▶ _ACTION ITEM_
Write out every record exactly as it appears. Skip the pictures.
━━━━━━
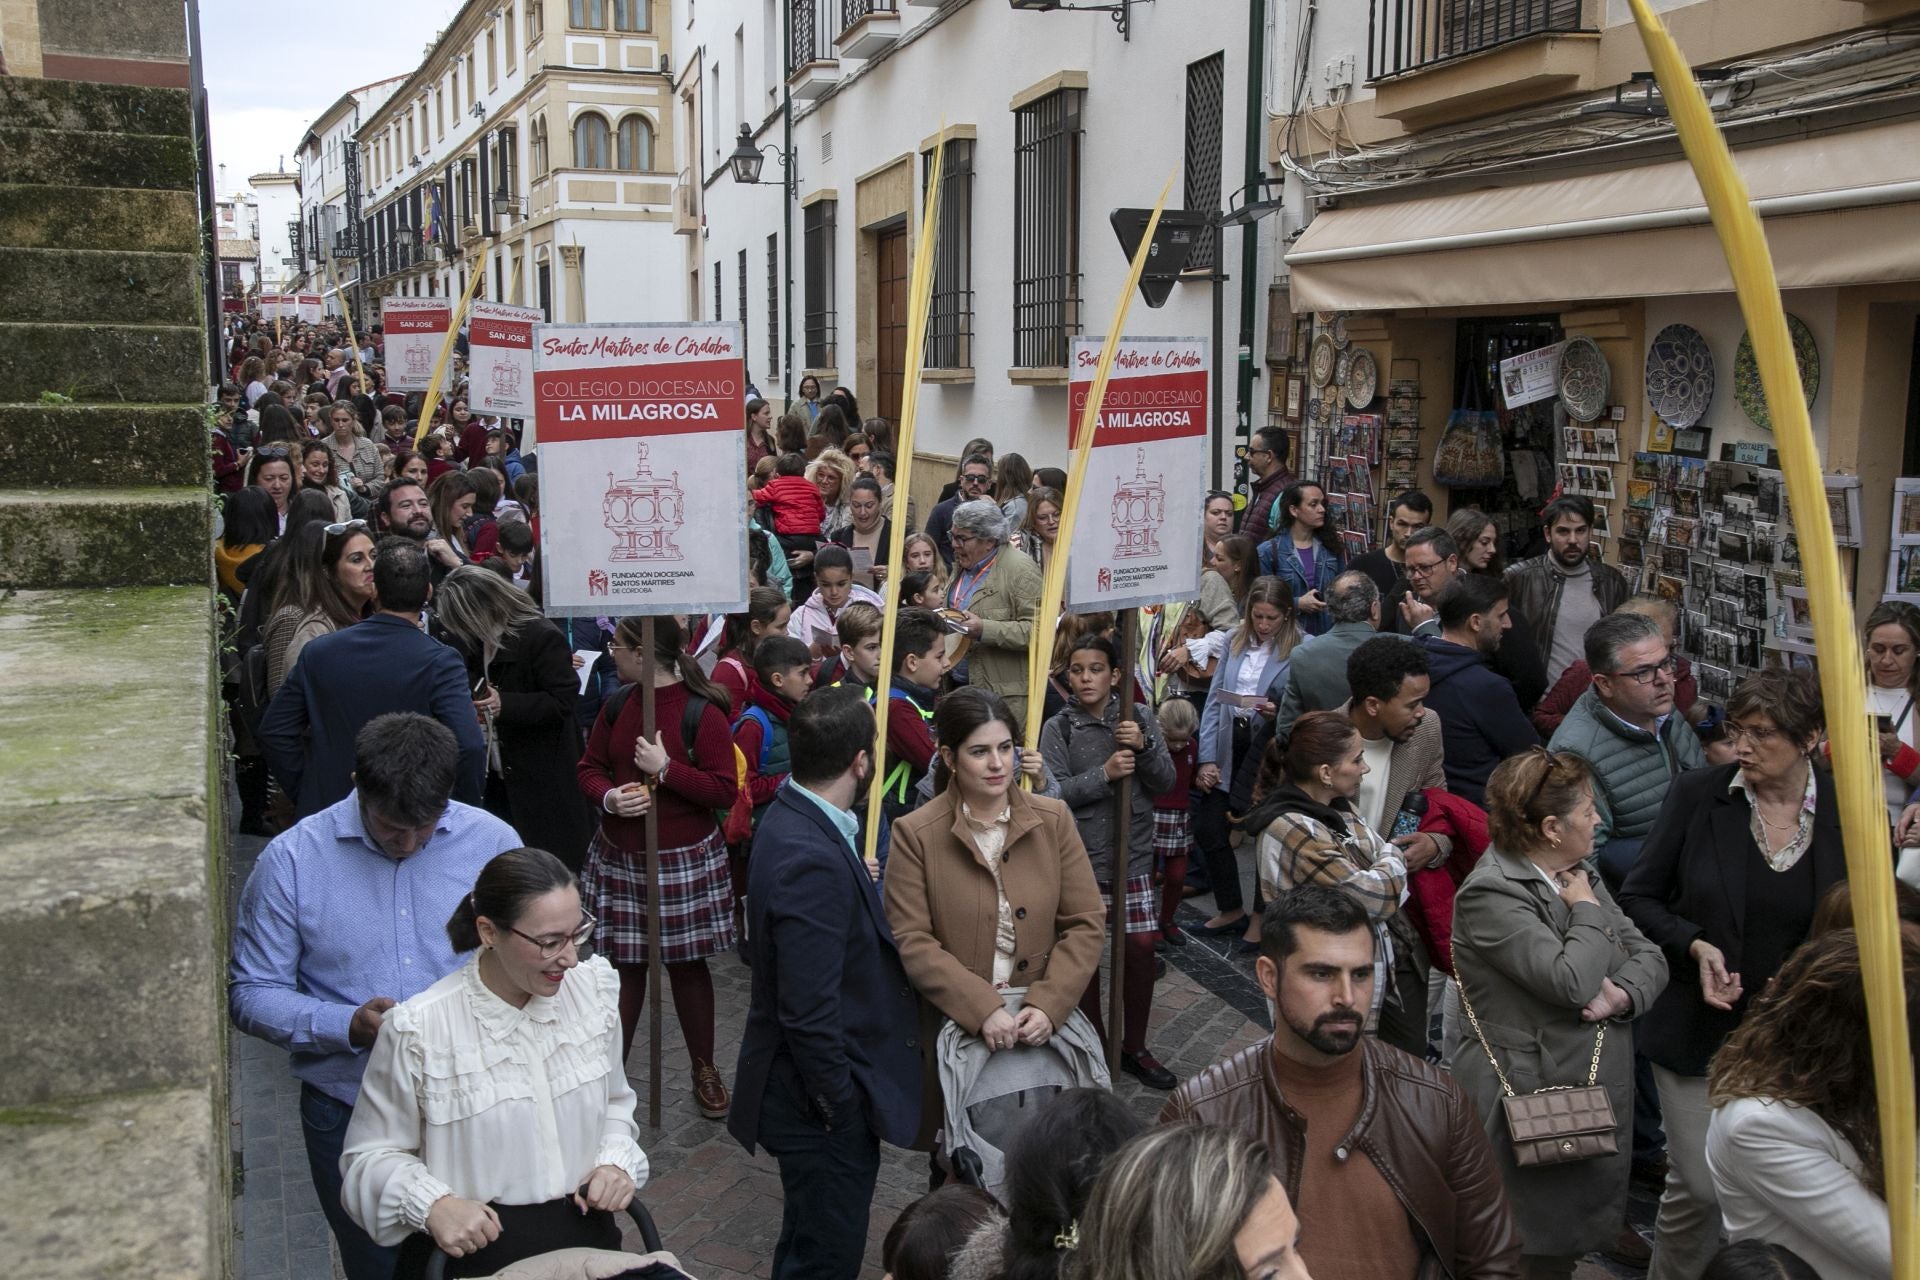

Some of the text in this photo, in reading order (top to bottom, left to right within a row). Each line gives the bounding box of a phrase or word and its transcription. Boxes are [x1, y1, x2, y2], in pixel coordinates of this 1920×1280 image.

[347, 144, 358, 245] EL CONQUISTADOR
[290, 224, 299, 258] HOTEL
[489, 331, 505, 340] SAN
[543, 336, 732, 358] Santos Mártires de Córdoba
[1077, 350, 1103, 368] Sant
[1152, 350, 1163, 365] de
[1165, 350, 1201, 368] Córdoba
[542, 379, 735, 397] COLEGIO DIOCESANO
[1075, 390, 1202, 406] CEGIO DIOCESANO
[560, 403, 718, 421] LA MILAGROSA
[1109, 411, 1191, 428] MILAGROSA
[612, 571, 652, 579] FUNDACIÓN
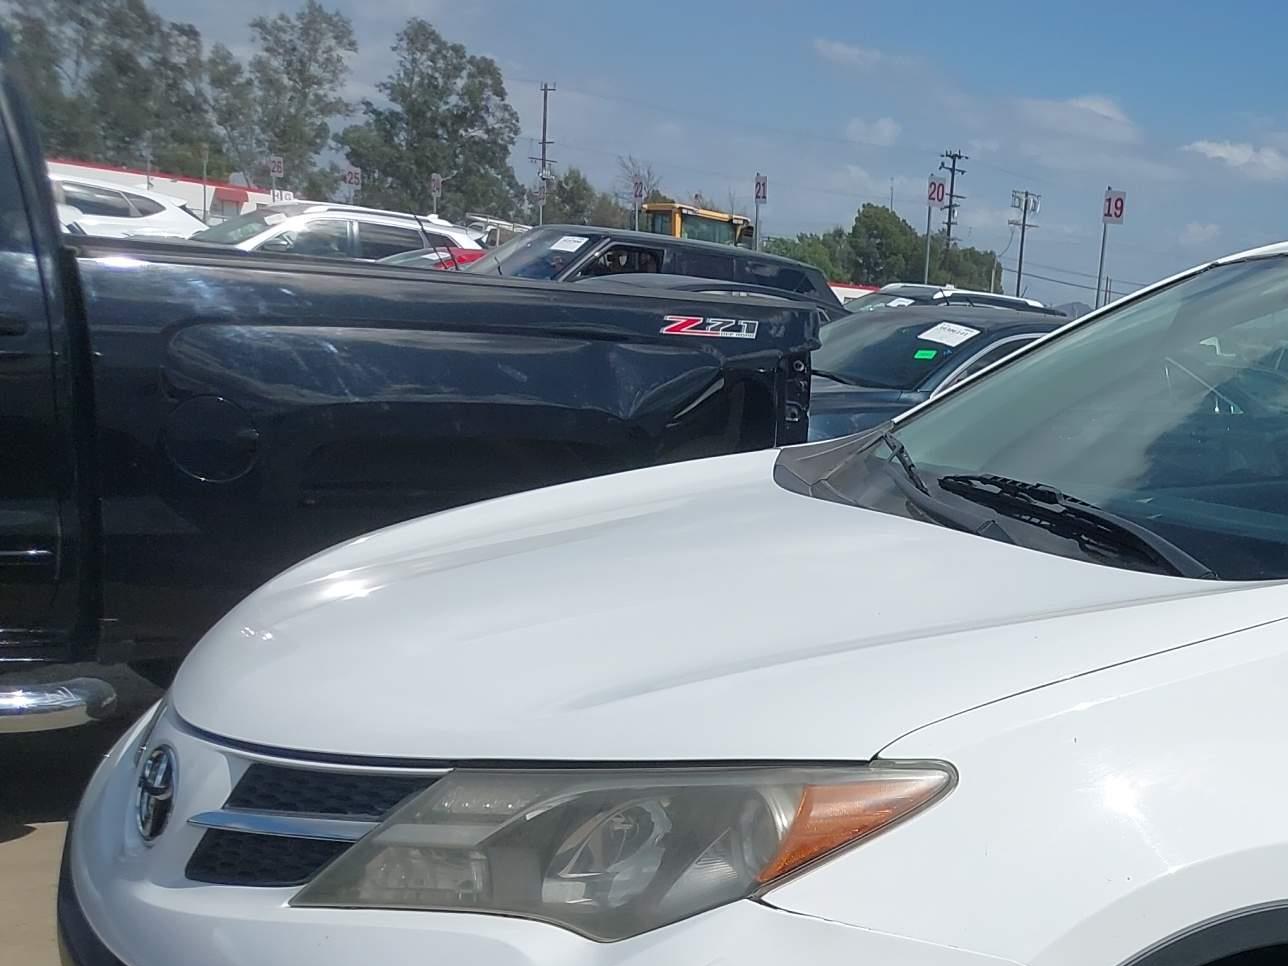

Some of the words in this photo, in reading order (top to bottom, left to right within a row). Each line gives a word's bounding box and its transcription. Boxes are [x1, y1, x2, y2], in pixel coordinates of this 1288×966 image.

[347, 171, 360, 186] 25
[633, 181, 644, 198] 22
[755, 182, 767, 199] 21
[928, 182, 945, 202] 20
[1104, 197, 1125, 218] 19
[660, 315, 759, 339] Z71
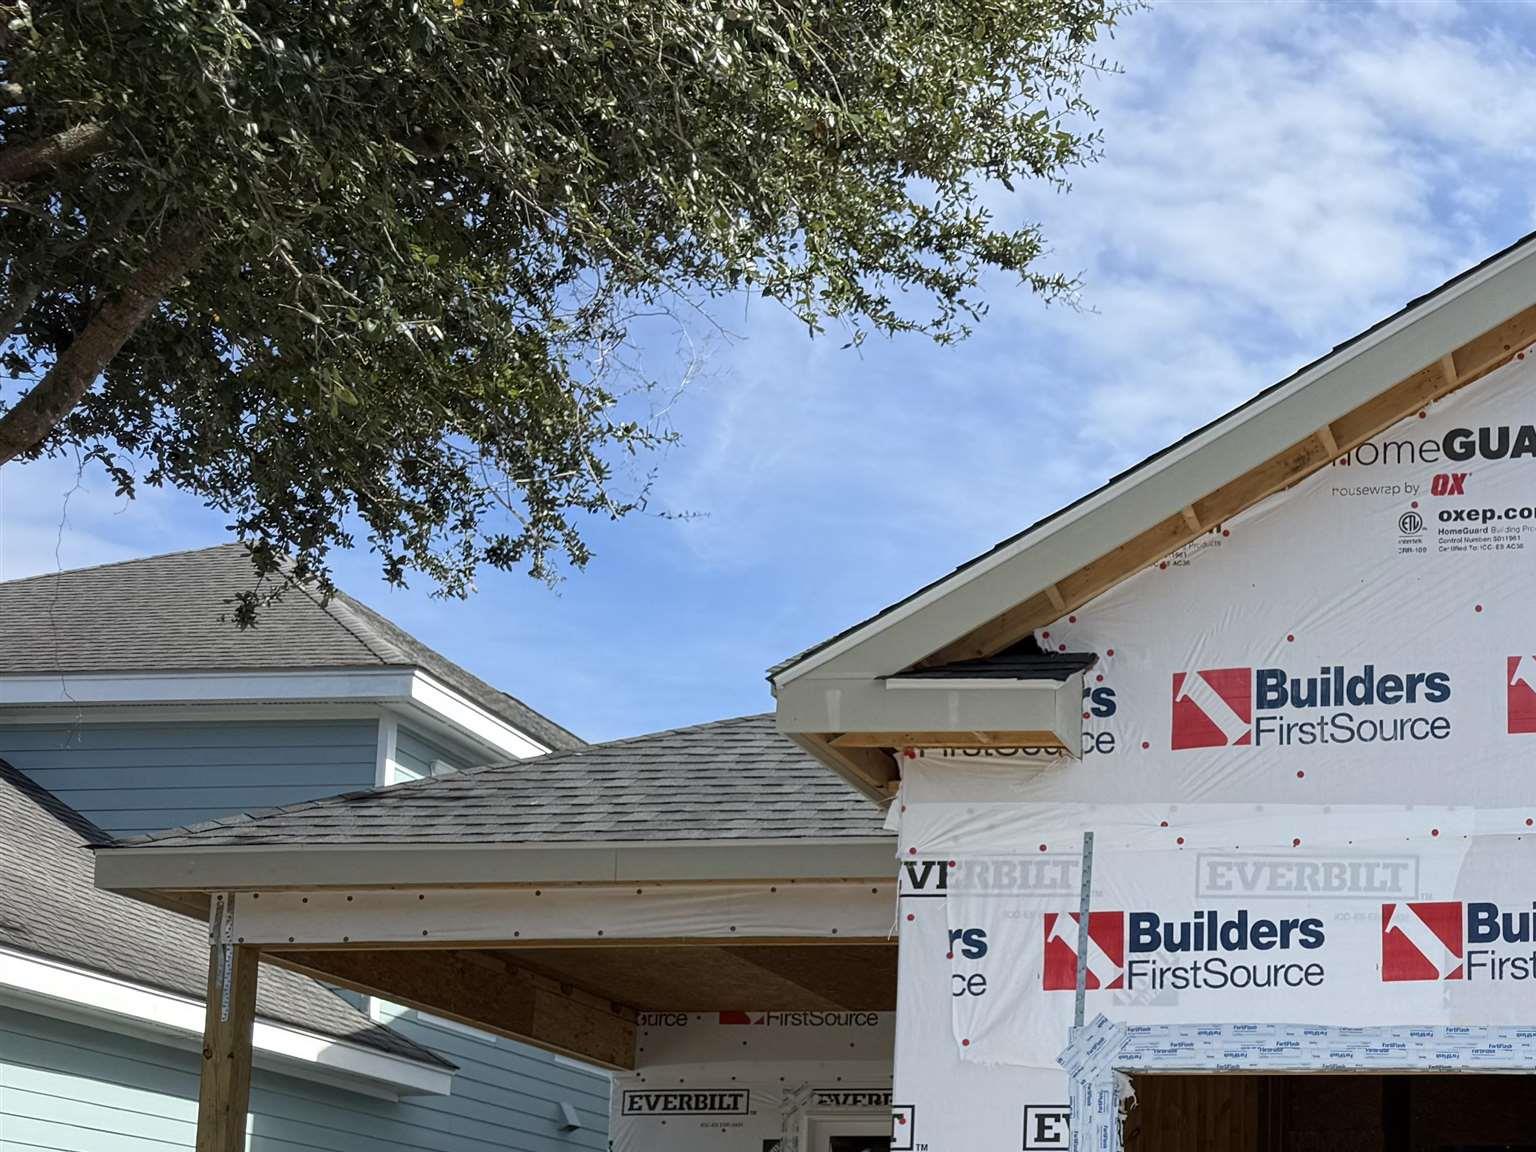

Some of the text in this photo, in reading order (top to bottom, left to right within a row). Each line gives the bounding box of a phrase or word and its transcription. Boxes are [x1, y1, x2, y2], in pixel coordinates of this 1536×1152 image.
━━━━━━
▶ _RESPONSE TO THE EXERCISE_
Some of the text in this photo, in reading order (top to bottom, left to right within a row). Each line gives the bounding box of a phrase or word and its transcription. Boxes are [x1, y1, x2, y2], in pixel coordinates of this 1920×1280 image.

[347, 144, 358, 245] EL CONQUISTADOR
[290, 224, 299, 258] HOTEL
[489, 331, 505, 340] SAN
[543, 336, 732, 358] Santos Mártires de Córdoba
[1077, 350, 1103, 368] Sant
[1152, 350, 1163, 365] de
[1165, 350, 1201, 368] Córdoba
[542, 379, 735, 397] COLEGIO DIOCESANO
[1075, 390, 1202, 406] CEGIO DIOCESANO
[560, 403, 718, 421] LA MILAGROSA
[1109, 411, 1191, 428] MILAGROSA
[612, 571, 652, 579] FUNDACIÓN

Some of the words in this photo, in reading order (top to bottom, left to right within a row). Each line gives a word's bounding box and its transcription. Boxes are [x1, y1, x2, y2], in pixel coordinates of this 1288×966 image.

[347, 171, 360, 186] 25
[633, 181, 644, 198] 22
[755, 182, 767, 199] 21
[928, 182, 945, 202] 20
[1104, 197, 1125, 218] 19
[660, 315, 759, 339] Z71

Some of the text in this photo, in reading order (top to bottom, left to right within a row). Each line gives the bounding box of a phrase or word and its transcription. Boxes are [x1, y1, x2, y2], in pixel coordinates of this 1536×1152 image.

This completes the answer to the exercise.